Five job creation policies for handling the fiscal obstacle course and slowing deficit reduction

Piggybacking on my earlier post, this post outlines the five job creation proposals in our new paper, Navigating the fiscal obstacle course, which offers policymakers a realistic blueprint for moderating the pace of deficit reduction to boost growth and employment. These job creation policies are also adopted in a comprehensive federal budget proposal that EPI will release on Friday as part of the Peter G. Peterson Foundation 2012 Solutions Initiative.

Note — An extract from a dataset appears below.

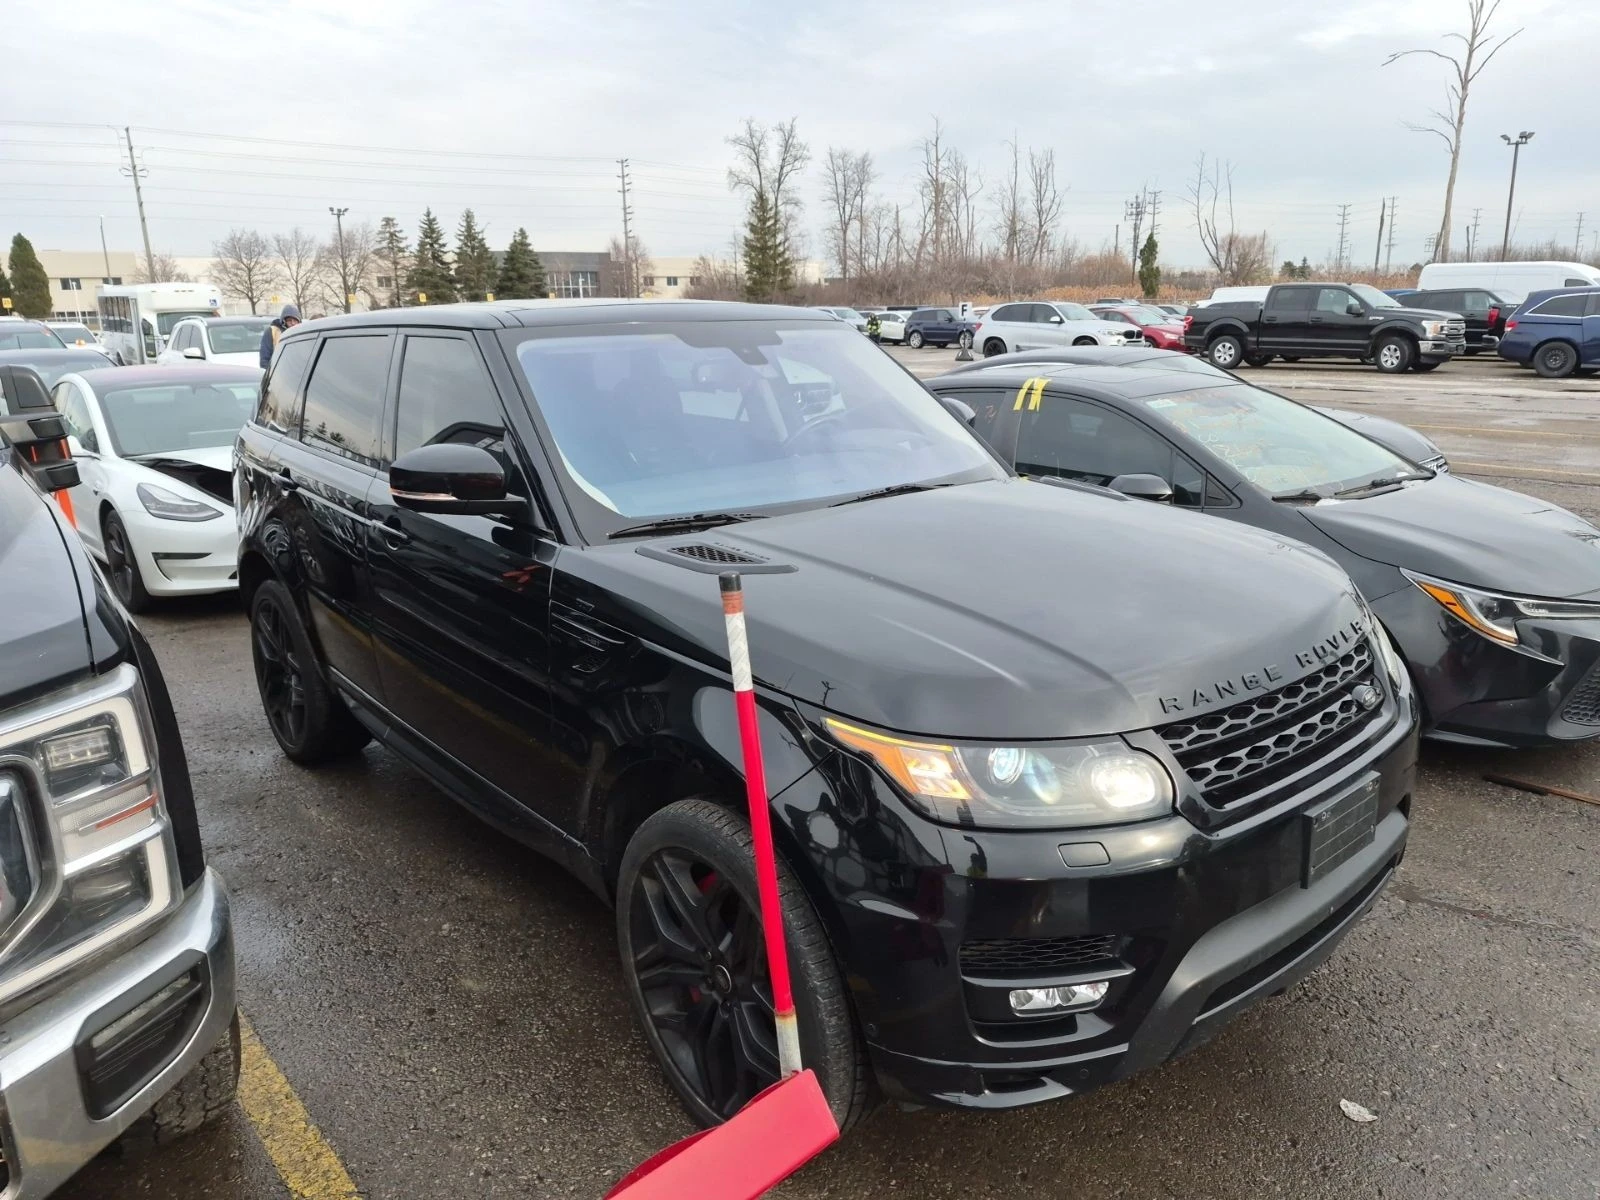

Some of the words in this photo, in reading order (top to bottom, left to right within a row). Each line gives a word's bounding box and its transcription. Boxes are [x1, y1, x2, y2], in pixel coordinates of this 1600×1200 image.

[961, 303, 968, 317] F
[1158, 663, 1284, 715] RANGE
[1295, 617, 1365, 669] ROVER

FULL ANALYSIS FROM EPI: Budget battles in the lame duck and beyond

Relative to current policy, our paper recommends investing roughly $600 billion over the next decade, mostly over the next three years, in emergency unemployment benefits, aid to state governments, infrastructure investment, investing in teachers and school modernizations, and a one-year targeted tax rebate.1 These are all cost-effective ways to boost demand, and EPI endorsed variations of each of these proposals in our Sept. 2011 paper Putting America back to work: Policies for job creation and stronger economic growth. Note that any purported “resolution” of the fiscal obstacle course (e.g., a “grand bargain”) that omits these or similar proposals for increasing near-term budget deficits relative to current policy unequivocally fails the challenge actually facing policymakers, which is to sustain and accelerate the recovery.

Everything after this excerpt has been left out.